3

I have some functions, part of a big analysis software, that require a boolean mask to divide array items in two groups. These functions are like this:

def process(data, a_mask):
    b_mask = -a_mask
    res_a = func_a(data[a_mask])
    res_b = func_b(data[b_mask])
    return res_a, res_b

Now, I need to use these functions (with no modification) with a big array that has items of only class "a", but I would like to save RAM and do not pass a boolean mask with all True. For example I could pass a slice like slice(None, None).

The problem is that the line b_mask = -a_mask will fail if a_mask is a slice. Ideally -a_mask should give a 0-items selection.

I was thinking of creating a "modified" slice object that implements the __neg__() method as a null slice (for example slice(0, 0)). I don't know if this is possible.

Other solutions that allow to don't modify the process() function but at the same time avoid allocating an all-True boolean array will be accepted as well.

user2304916
  • 7,882
  • 5
  • 39
  • 53

3 Answers3

2

Unfortunately we can't add a __neg__() method to slice, since it cannot be subclassed.
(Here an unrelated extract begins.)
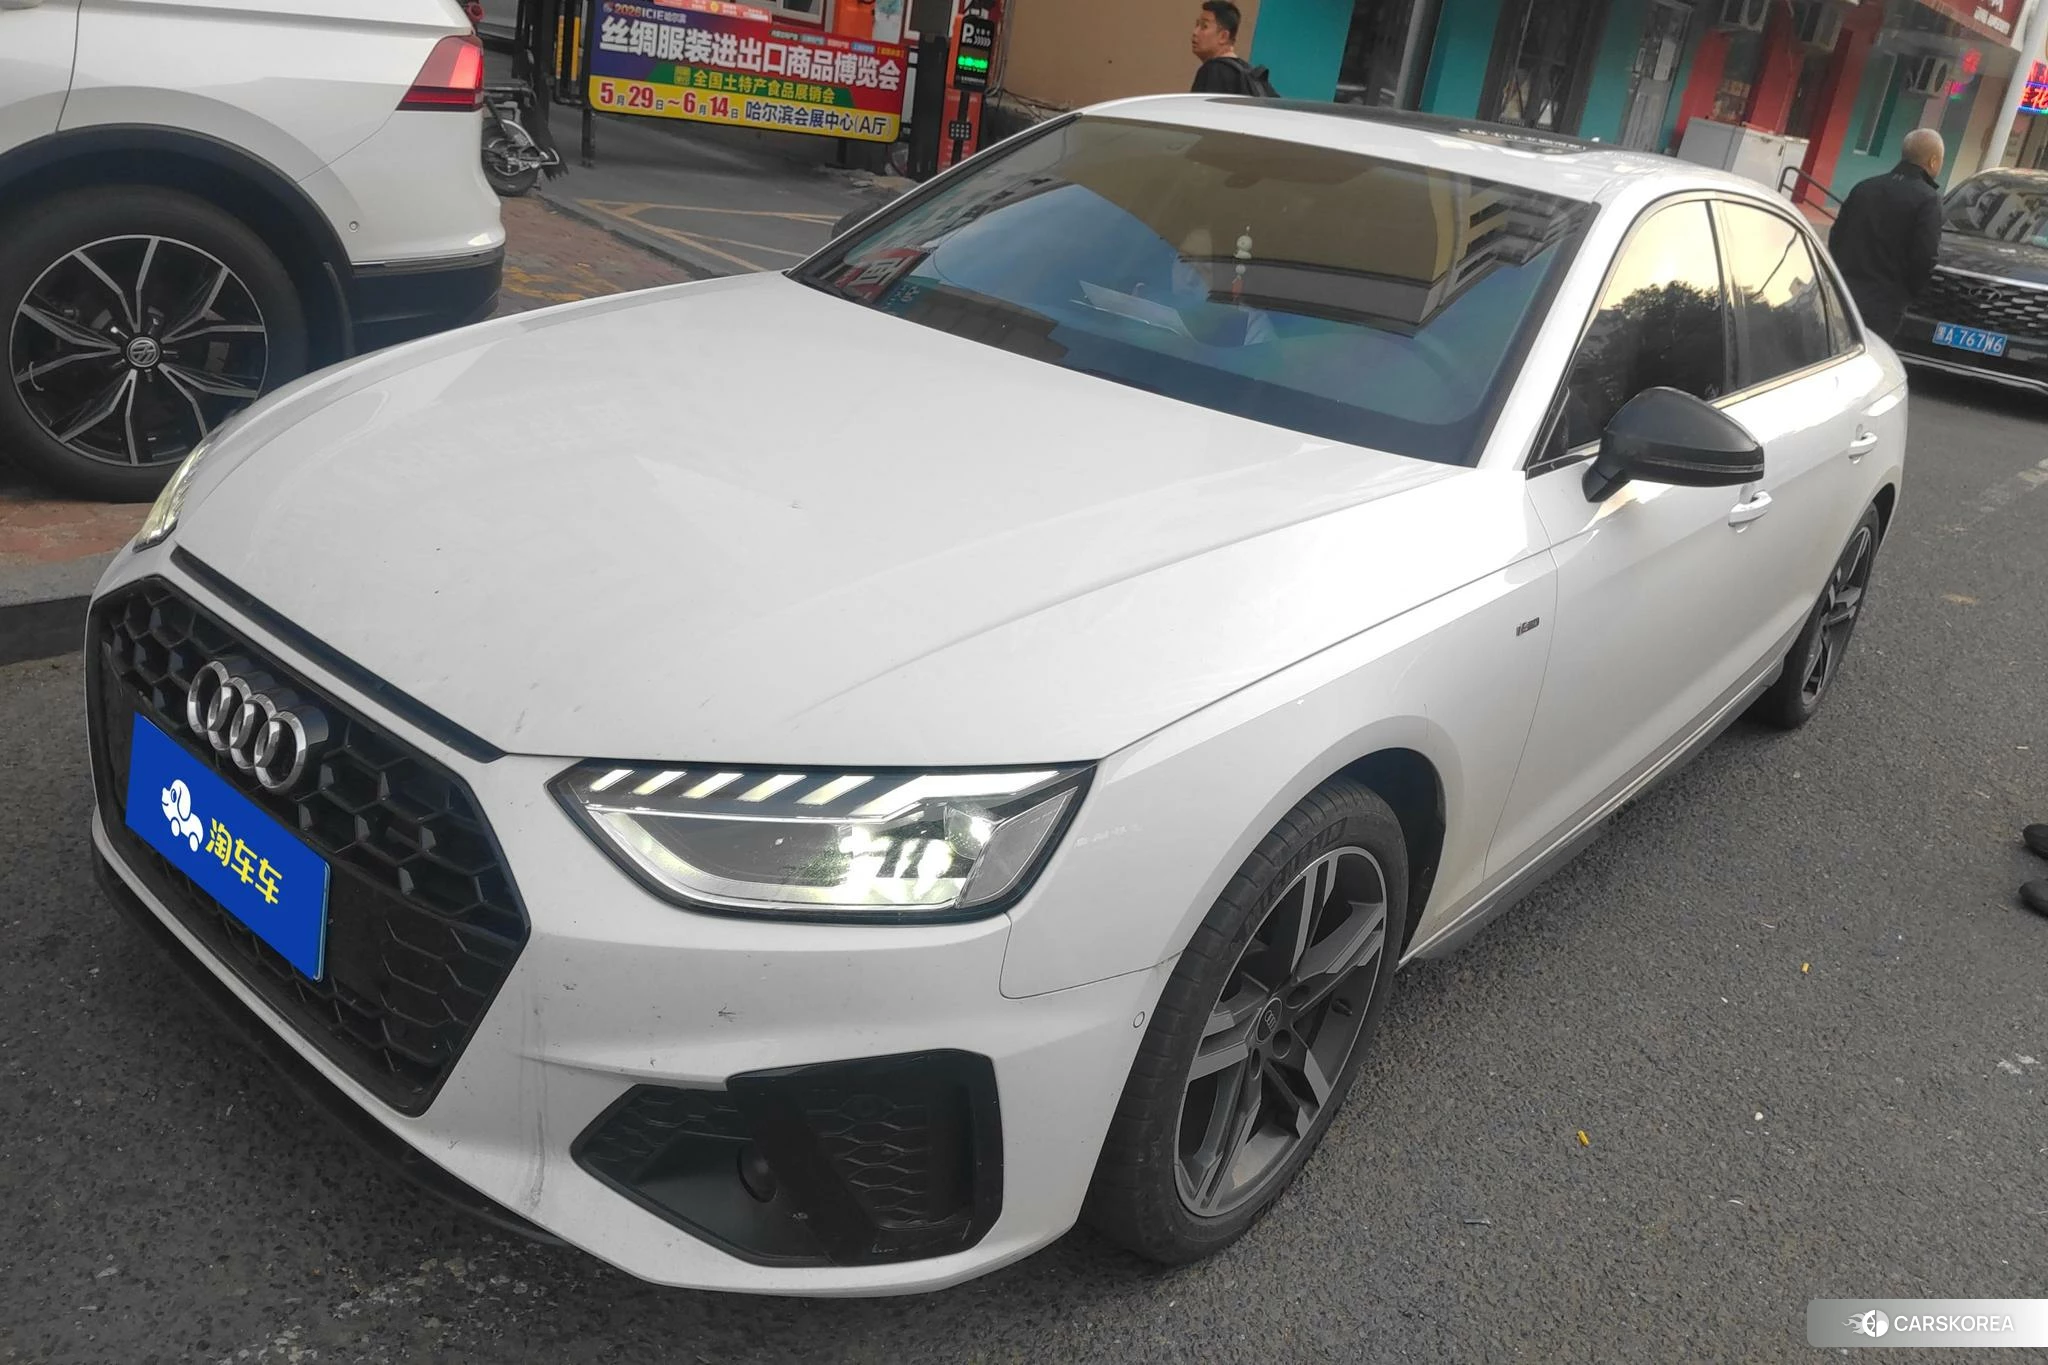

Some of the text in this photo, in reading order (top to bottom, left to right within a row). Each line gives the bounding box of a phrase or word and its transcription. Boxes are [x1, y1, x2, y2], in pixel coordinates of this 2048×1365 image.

However, tuple can be subclassed, and we can use it to hold a single slice object.

This leads me to a very, very nasty hack which should just about work for you:

class NegTuple(tuple):
    def __neg__(self):
        return slice(0)

We can create a NegTuple containing a single slice object:

nt = NegTuple((slice(None),))

This can be used as an index, and negating it will yield an empty slice resulting in a 0-length array being indexed:

a = np.arange(5)
print a[nt]
# [0 1 2 3 4]
print a[-nt]
# []

You would have to be very desperate to resort to something like this, though. Is it totally out of the question to modify process like this?

def process(data, a_mask=None):
    if a_mask is None:
        a_mask = slice(None)  # every element
        b_mask = slice(0)     # no elements
    else:
        b_mask = -a_mask
    res_a = func_a(data[a_mask])
    res_b = func_b(data[b_mask])
    return res_a, res_b

This is way more explicit, and should not have any affect on its behavior for your current use cases.

Community
  • 1
  • 1
ali_m
  • 71,714
  • 23
  • 223
  • 298
  • OP is looking for a solution that doesn't modify `process` – Peter Gibson Feb 10 '14 at 00:25
  • @PeterGibson against my better judgement I've updated my answer with such a solution – ali_m Feb 10 '14 at 01:12
  • That is truly horrendous, but well done for providing a working solution :) – Peter Gibson Feb 10 '14 at 01:17
  • I agree that is not pretty, but the `process` function is actually quite complex, and a big part of the analysis relies on its correctness. I'd rather do an hack for this specific use case than risk to mess with the other (already well tested) use cases. Thanks. – user2304916 Feb 10 '14 at 17:32
  • Suit yourself, but if I were you I would be more concerned with something potentially going wrong with the hack. It doesn't really matter how complicated the guts of your `process` function are - in the end, all the changes will amount to is a keyword argument and 5 or 6 new lines to handle the conditional. – ali_m Feb 10 '14 at 17:37
0

Your solution is very similar to a degenerate sparse boolean array, although I don't know of any implementations of the same. My knee-jerk reaction is one of dislike, but if you really can't modify process it's probably the best way.

U2EF1
  • 12,907
  • 3
  • 35
  • 37
  • What is a degenerate sparse boolean array and how it would allow to avoid creating an all-True boolean array? – user2304916 Feb 10 '14 at 00:49
  • @user2304916 A sparse matrix compresses certain values (usually 0). A boolean sparse matrix could easily be written to compress whichever value (True or False) constituted the majority. Yours is degenerate because it only works for matrices that are all zeros or all ones. – U2EF1 Feb 10 '14 at 01:38
  • Yes, a boolean sparse matrix that can compress either True or False would do the job. Would be nice to have such a beast in scipy/numpy IMHO. – user2304916 Feb 10 '14 at 17:35
0

If you are concerned about memory use, then advanced indexing may be a bad idea. From the docs

Advanced indexing always returns a copy of the data (contrast with basic slicing that returns a view).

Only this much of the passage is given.